### [Task details]
Find the "this 1600×1200 image." line in the records below and repeat it and every later line exactly, up to the last; do not include pictures.

### [Exercise inputs]
--- START ---

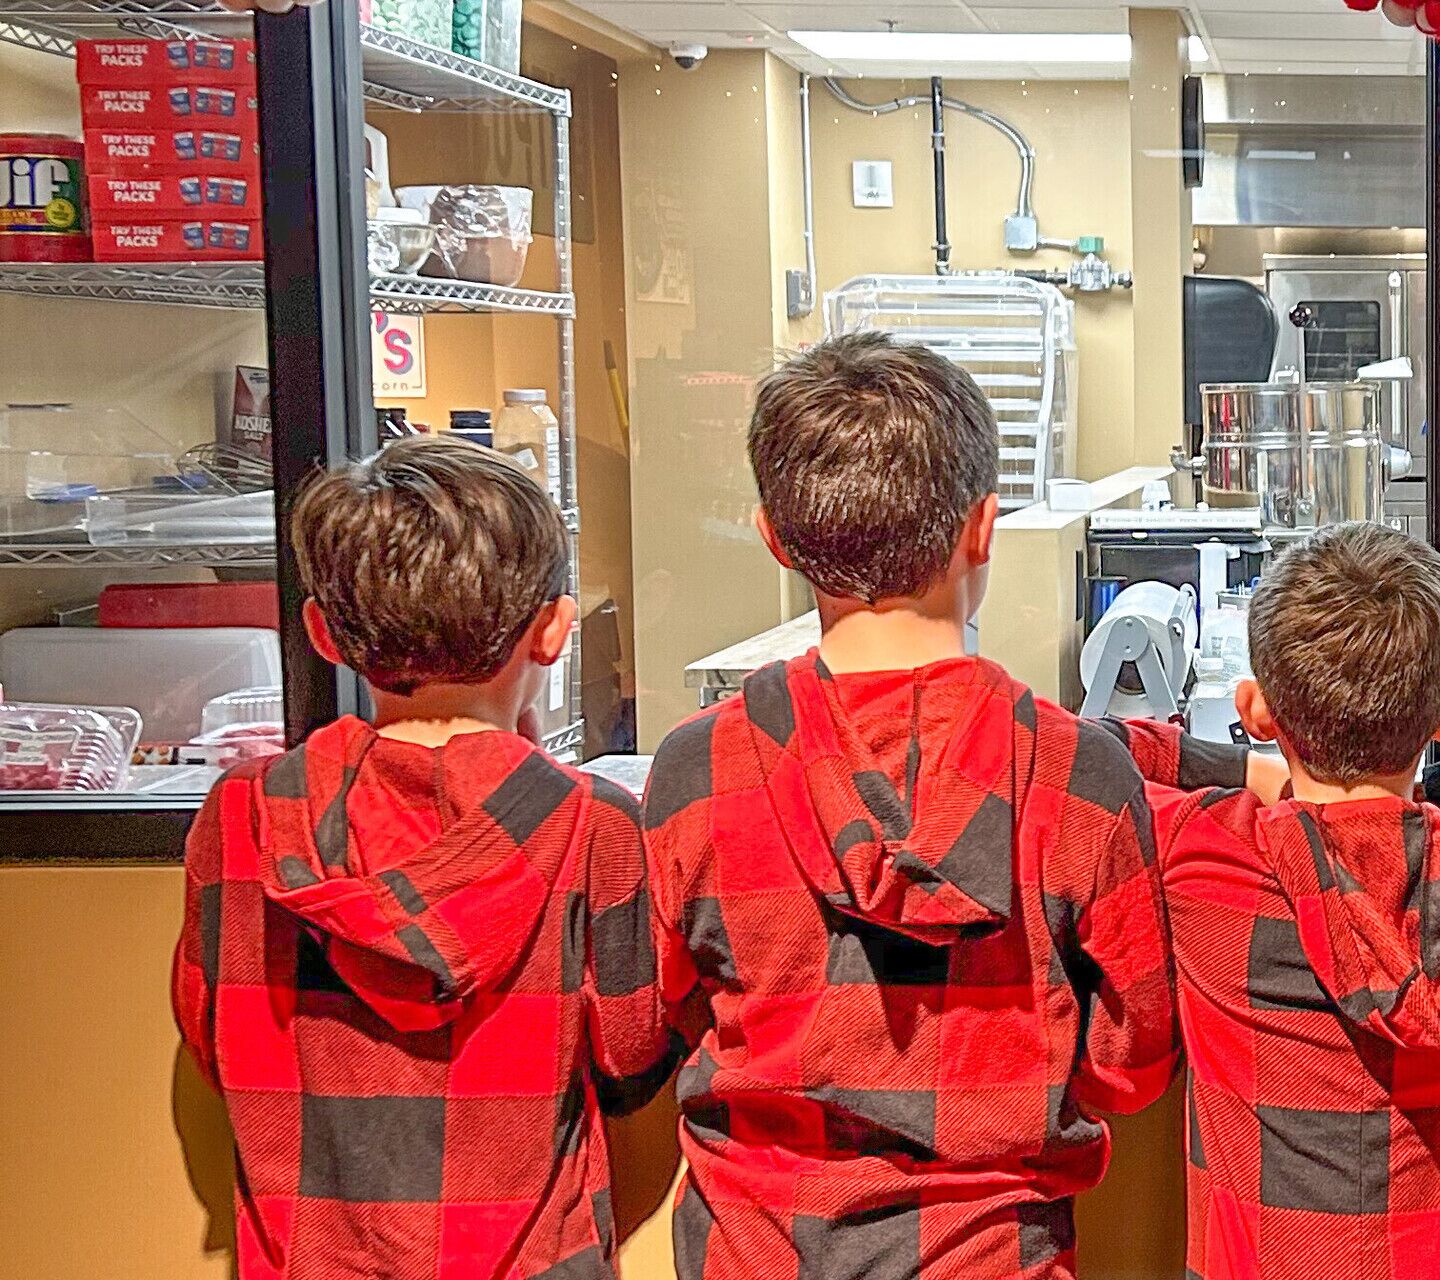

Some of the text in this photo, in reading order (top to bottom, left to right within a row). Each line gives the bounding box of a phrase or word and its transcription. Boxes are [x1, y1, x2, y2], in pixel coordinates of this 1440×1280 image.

[95, 44, 149, 55] TRY THESE
[101, 55, 143, 67] PACKS
[97, 91, 151, 101] TRY THESE
[104, 101, 145, 113] PACKS
[101, 134, 156, 145] TRY THESE
[108, 145, 149, 157] PACKS
[107, 180, 161, 191] TRY THESE
[114, 191, 155, 203] PACKS
[110, 225, 164, 236] TRY THESE
[116, 235, 158, 248] PACKS
[235, 414, 272, 434] KOSHE
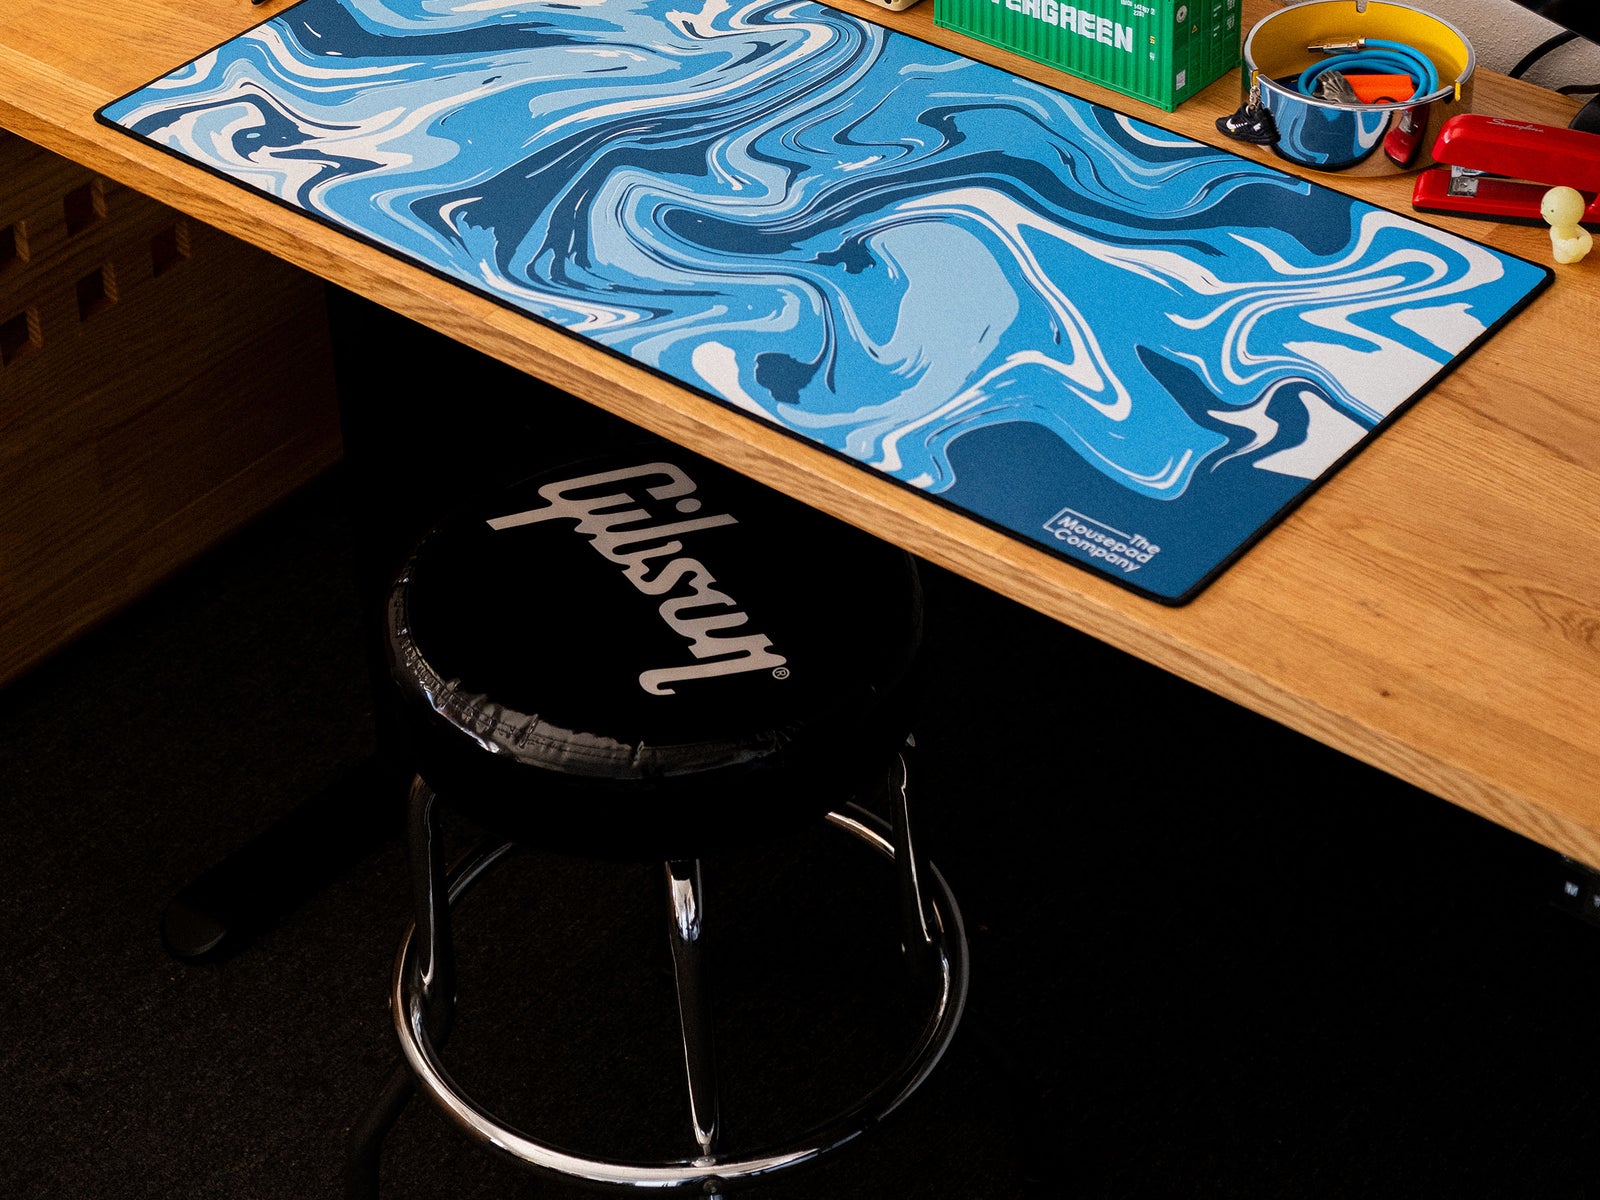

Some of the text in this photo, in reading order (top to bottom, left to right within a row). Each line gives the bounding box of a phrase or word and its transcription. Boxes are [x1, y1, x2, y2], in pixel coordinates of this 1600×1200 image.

[1054, 528, 1141, 573] Company
[1057, 516, 1153, 564] Mousepad
[1130, 533, 1161, 555] The
[486, 462, 788, 696] Gibson
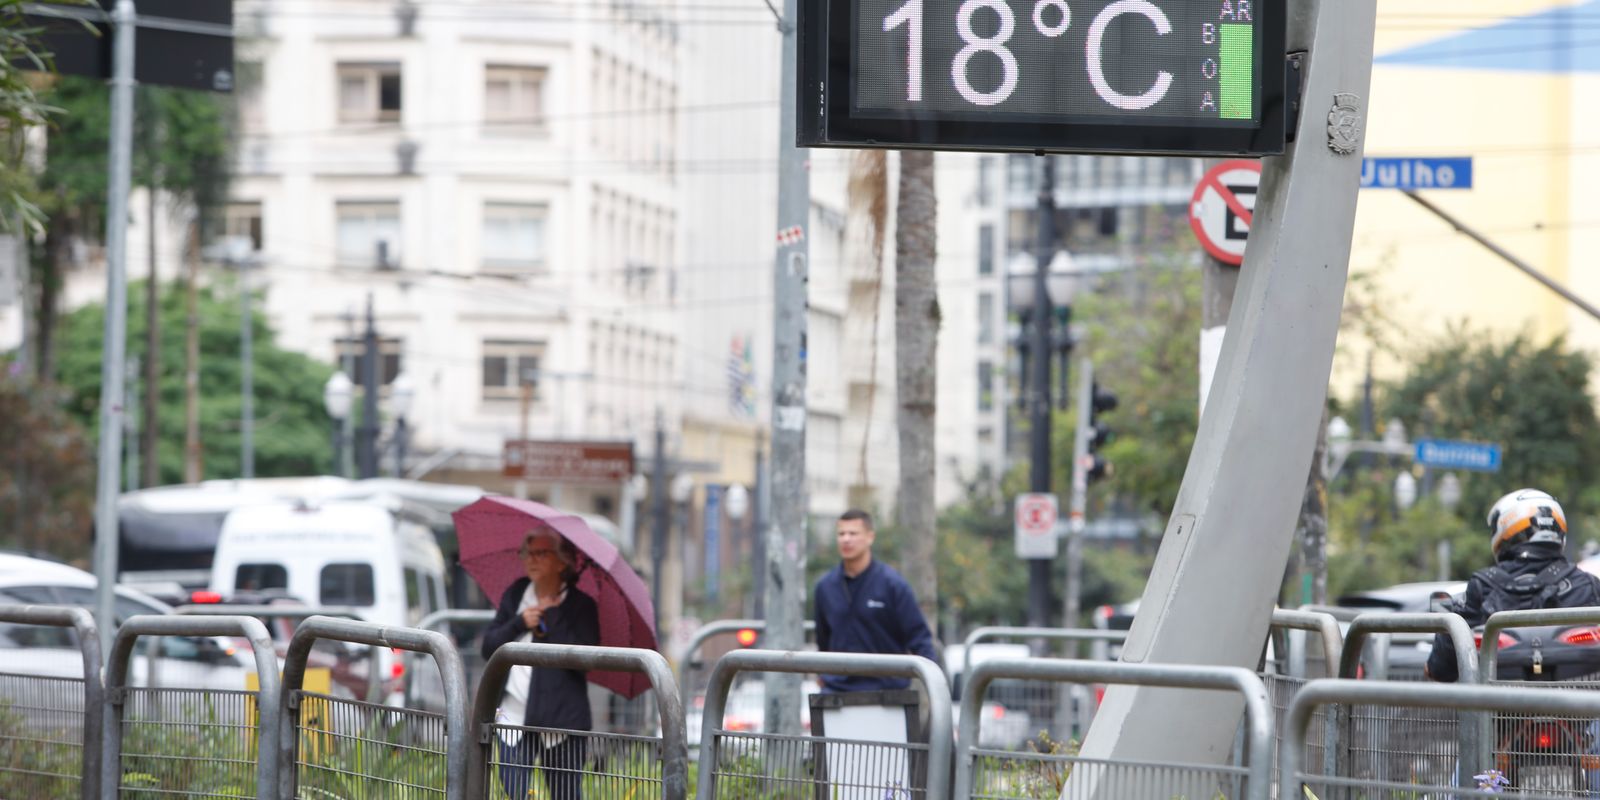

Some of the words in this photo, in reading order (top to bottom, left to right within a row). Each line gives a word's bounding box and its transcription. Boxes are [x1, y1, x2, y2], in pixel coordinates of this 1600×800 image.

[1219, 0, 1252, 20] AR
[882, 0, 1174, 110] 18°C
[1360, 158, 1456, 187] Julho

--- END ---

### [Your response]
Some of the text in this photo, in reading order (top to bottom, left to right within a row). Each line gives the bounding box of a phrase or word and its transcription. Boxes are [x1, y1, x2, y2], in pixel coordinates of this 1600×1200 image.

[1054, 528, 1141, 573] Company
[1057, 516, 1153, 564] Mousepad
[1130, 533, 1161, 555] The
[486, 462, 788, 696] Gibson

Some of the words in this photo, in reading order (top to bottom, left to right within a row). Each line gives a word's bounding box and its transcription. Boxes are [x1, y1, x2, y2], in pixel coordinates of this 1600×800 image.

[1219, 0, 1252, 20] AR
[882, 0, 1174, 110] 18°C
[1360, 158, 1456, 187] Julho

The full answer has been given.